◆ Exercise description
Would you transcribe each of the entries exactly, with nothing added or dropped?

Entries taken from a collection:
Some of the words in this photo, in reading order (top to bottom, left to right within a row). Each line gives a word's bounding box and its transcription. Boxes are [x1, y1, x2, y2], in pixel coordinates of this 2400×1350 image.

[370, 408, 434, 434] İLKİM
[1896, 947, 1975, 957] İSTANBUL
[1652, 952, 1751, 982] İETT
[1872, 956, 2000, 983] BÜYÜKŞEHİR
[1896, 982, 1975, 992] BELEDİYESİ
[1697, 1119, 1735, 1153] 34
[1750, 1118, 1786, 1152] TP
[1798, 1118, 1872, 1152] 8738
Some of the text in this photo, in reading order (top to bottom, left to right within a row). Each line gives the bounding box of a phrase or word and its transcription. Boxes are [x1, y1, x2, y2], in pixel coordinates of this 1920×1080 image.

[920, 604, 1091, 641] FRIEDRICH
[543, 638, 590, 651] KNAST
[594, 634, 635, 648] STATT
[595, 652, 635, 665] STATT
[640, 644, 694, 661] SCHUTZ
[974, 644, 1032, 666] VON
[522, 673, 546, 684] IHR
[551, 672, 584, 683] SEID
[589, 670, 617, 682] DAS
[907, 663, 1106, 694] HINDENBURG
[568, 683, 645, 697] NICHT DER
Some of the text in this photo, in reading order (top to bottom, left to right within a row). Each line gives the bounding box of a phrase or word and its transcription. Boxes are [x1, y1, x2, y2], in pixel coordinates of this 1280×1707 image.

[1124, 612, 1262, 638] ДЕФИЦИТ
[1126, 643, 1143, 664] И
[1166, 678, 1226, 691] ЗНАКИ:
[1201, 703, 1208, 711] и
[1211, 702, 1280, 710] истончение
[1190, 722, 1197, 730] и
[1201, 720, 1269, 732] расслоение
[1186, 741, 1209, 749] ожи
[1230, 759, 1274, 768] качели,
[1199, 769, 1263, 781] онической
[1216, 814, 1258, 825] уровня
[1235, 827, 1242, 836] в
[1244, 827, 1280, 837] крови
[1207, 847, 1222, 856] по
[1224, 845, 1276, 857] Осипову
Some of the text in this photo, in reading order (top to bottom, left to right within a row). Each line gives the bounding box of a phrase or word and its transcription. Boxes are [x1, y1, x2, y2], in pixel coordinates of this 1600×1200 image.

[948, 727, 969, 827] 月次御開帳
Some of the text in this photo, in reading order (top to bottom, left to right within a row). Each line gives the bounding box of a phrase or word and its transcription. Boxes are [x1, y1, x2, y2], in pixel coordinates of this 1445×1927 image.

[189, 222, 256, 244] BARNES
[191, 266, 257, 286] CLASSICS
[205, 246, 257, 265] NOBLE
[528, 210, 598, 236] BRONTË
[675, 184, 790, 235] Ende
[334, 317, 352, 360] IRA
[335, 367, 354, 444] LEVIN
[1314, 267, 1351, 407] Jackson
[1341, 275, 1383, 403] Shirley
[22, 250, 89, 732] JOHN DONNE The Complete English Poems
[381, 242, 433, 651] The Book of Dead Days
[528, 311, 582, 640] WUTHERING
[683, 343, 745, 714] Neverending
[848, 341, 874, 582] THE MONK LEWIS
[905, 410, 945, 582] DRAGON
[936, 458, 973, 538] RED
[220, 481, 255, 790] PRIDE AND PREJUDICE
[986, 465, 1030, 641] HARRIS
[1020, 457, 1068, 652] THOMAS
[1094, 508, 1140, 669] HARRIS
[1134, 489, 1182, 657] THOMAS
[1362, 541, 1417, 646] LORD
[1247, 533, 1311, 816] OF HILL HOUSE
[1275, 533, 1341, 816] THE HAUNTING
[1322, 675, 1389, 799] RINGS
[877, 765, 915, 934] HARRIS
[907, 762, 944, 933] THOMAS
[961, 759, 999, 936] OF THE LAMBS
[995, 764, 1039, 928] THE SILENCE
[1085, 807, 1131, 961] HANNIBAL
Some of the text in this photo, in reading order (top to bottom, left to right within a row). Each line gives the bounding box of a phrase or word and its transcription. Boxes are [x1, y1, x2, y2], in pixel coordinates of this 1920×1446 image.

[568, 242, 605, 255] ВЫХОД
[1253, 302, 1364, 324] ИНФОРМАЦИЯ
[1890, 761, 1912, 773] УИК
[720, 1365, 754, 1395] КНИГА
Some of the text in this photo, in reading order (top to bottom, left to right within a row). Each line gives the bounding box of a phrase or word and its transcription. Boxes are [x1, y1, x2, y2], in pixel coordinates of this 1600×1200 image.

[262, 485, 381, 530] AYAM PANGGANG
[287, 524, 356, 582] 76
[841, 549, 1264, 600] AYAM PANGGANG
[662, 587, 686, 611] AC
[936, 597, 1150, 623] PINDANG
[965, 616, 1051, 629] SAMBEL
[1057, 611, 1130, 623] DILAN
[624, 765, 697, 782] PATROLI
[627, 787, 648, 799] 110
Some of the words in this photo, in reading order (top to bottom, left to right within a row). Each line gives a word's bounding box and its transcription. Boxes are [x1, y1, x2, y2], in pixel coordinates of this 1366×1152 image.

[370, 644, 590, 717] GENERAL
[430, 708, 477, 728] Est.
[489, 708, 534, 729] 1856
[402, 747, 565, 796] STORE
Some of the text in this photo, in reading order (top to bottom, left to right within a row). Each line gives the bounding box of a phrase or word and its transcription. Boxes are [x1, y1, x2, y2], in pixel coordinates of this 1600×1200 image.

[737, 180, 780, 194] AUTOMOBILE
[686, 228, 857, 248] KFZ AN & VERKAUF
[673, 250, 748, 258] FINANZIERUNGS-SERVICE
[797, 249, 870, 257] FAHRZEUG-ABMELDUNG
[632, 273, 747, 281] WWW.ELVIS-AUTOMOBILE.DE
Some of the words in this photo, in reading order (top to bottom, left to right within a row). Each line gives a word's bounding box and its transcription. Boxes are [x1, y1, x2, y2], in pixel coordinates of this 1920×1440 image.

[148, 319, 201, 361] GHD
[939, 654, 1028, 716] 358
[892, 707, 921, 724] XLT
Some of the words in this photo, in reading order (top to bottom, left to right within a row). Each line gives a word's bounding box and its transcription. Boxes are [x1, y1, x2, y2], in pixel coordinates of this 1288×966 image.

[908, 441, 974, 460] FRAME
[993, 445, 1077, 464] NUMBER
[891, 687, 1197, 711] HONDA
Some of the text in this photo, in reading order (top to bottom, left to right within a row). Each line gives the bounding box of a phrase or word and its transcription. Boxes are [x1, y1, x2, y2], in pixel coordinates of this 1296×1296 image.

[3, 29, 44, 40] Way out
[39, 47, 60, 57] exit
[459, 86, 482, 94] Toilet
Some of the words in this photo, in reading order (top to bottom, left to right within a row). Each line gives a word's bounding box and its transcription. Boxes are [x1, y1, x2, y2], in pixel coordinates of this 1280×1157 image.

◆ Final answer
Some of the words in this photo, in reading order (top to bottom, left to right within a row). Each line gives a word's bounding box and its transcription. Boxes are [x1, y1, x2, y2], in pixel coordinates of this 2400×1350 image.

[370, 408, 434, 434] İLKİM
[1896, 947, 1975, 957] İSTANBUL
[1652, 952, 1751, 982] İETT
[1872, 956, 2000, 983] BÜYÜKŞEHİR
[1896, 982, 1975, 992] BELEDİYESİ
[1697, 1119, 1735, 1153] 34
[1750, 1118, 1786, 1152] TP
[1798, 1118, 1872, 1152] 8738
Some of the text in this photo, in reading order (top to bottom, left to right within a row). Each line gives the bounding box of a phrase or word and its transcription. Boxes are [x1, y1, x2, y2], in pixel coordinates of this 1920×1080 image.

[920, 604, 1091, 641] FRIEDRICH
[543, 638, 590, 651] KNAST
[594, 634, 635, 648] STATT
[595, 652, 635, 665] STATT
[640, 644, 694, 661] SCHUTZ
[974, 644, 1032, 666] VON
[522, 673, 546, 684] IHR
[551, 672, 584, 683] SEID
[589, 670, 617, 682] DAS
[907, 663, 1106, 694] HINDENBURG
[568, 683, 645, 697] NICHT DER
Some of the text in this photo, in reading order (top to bottom, left to right within a row). Each line gives the bounding box of a phrase or word and its transcription. Boxes are [x1, y1, x2, y2], in pixel coordinates of this 1280×1707 image.

[1124, 612, 1262, 638] ДЕФИЦИТ
[1126, 643, 1143, 664] И
[1166, 678, 1226, 691] ЗНАКИ:
[1201, 703, 1208, 711] и
[1211, 702, 1280, 710] истончение
[1190, 722, 1197, 730] и
[1201, 720, 1269, 732] расслоение
[1186, 741, 1209, 749] ожи
[1230, 759, 1274, 768] качели,
[1199, 769, 1263, 781] онической
[1216, 814, 1258, 825] уровня
[1235, 827, 1242, 836] в
[1244, 827, 1280, 837] крови
[1207, 847, 1222, 856] по
[1224, 845, 1276, 857] Осипову
Some of the text in this photo, in reading order (top to bottom, left to right within a row). Each line gives the bounding box of a phrase or word and its transcription. Boxes are [x1, y1, x2, y2], in pixel coordinates of this 1600×1200 image.

[948, 727, 969, 827] 月次御開帳
Some of the text in this photo, in reading order (top to bottom, left to right within a row). Each line gives the bounding box of a phrase or word and its transcription. Boxes are [x1, y1, x2, y2], in pixel coordinates of this 1445×1927 image.

[189, 222, 256, 244] BARNES
[191, 266, 257, 286] CLASSICS
[205, 246, 257, 265] NOBLE
[528, 210, 598, 236] BRONTË
[675, 184, 790, 235] Ende
[334, 317, 352, 360] IRA
[335, 367, 354, 444] LEVIN
[1314, 267, 1351, 407] Jackson
[1341, 275, 1383, 403] Shirley
[22, 250, 89, 732] JOHN DONNE The Complete English Poems
[381, 242, 433, 651] The Book of Dead Days
[528, 311, 582, 640] WUTHERING
[683, 343, 745, 714] Neverending
[848, 341, 874, 582] THE MONK LEWIS
[905, 410, 945, 582] DRAGON
[936, 458, 973, 538] RED
[220, 481, 255, 790] PRIDE AND PREJUDICE
[986, 465, 1030, 641] HARRIS
[1020, 457, 1068, 652] THOMAS
[1094, 508, 1140, 669] HARRIS
[1134, 489, 1182, 657] THOMAS
[1362, 541, 1417, 646] LORD
[1247, 533, 1311, 816] OF HILL HOUSE
[1275, 533, 1341, 816] THE HAUNTING
[1322, 675, 1389, 799] RINGS
[877, 765, 915, 934] HARRIS
[907, 762, 944, 933] THOMAS
[961, 759, 999, 936] OF THE LAMBS
[995, 764, 1039, 928] THE SILENCE
[1085, 807, 1131, 961] HANNIBAL
Some of the text in this photo, in reading order (top to bottom, left to right within a row). Each line gives the bounding box of a phrase or word and its transcription. Boxes are [x1, y1, x2, y2], in pixel coordinates of this 1920×1446 image.

[568, 242, 605, 255] ВЫХОД
[1253, 302, 1364, 324] ИНФОРМАЦИЯ
[1890, 761, 1912, 773] УИК
[720, 1365, 754, 1395] КНИГА
Some of the text in this photo, in reading order (top to bottom, left to right within a row). Each line gives the bounding box of a phrase or word and its transcription. Boxes are [x1, y1, x2, y2], in pixel coordinates of this 1600×1200 image.

[262, 485, 381, 530] AYAM PANGGANG
[287, 524, 356, 582] 76
[841, 549, 1264, 600] AYAM PANGGANG
[662, 587, 686, 611] AC
[936, 597, 1150, 623] PINDANG
[965, 616, 1051, 629] SAMBEL
[1057, 611, 1130, 623] DILAN
[624, 765, 697, 782] PATROLI
[627, 787, 648, 799] 110
Some of the words in this photo, in reading order (top to bottom, left to right within a row). Each line gives a word's bounding box and its transcription. Boxes are [x1, y1, x2, y2], in pixel coordinates of this 1366×1152 image.

[370, 644, 590, 717] GENERAL
[430, 708, 477, 728] Est.
[489, 708, 534, 729] 1856
[402, 747, 565, 796] STORE
Some of the text in this photo, in reading order (top to bottom, left to right within a row). Each line gives the bounding box of a phrase or word and its transcription. Boxes are [x1, y1, x2, y2], in pixel coordinates of this 1600×1200 image.

[737, 180, 780, 194] AUTOMOBILE
[686, 228, 857, 248] KFZ AN & VERKAUF
[673, 250, 748, 258] FINANZIERUNGS-SERVICE
[797, 249, 870, 257] FAHRZEUG-ABMELDUNG
[632, 273, 747, 281] WWW.ELVIS-AUTOMOBILE.DE
Some of the words in this photo, in reading order (top to bottom, left to right within a row). Each line gives a word's bounding box and its transcription. Boxes are [x1, y1, x2, y2], in pixel coordinates of this 1920×1440 image.

[148, 319, 201, 361] GHD
[939, 654, 1028, 716] 358
[892, 707, 921, 724] XLT
Some of the words in this photo, in reading order (top to bottom, left to right within a row). Each line gives a word's bounding box and its transcription. Boxes are [x1, y1, x2, y2], in pixel coordinates of this 1288×966 image.

[908, 441, 974, 460] FRAME
[993, 445, 1077, 464] NUMBER
[891, 687, 1197, 711] HONDA
Some of the text in this photo, in reading order (top to bottom, left to right within a row). Each line gives the bounding box of a phrase or word and its transcription. Boxes are [x1, y1, x2, y2], in pixel coordinates of this 1296×1296 image.

[3, 29, 44, 40] Way out
[39, 47, 60, 57] exit
[459, 86, 482, 94] Toilet
Some of the words in this photo, in reading order (top to bottom, left to right within a row). Each line gives a word's bounding box and its transcription. Boxes are [x1, y1, x2, y2], in pixel coordinates of this 1280×1157 image.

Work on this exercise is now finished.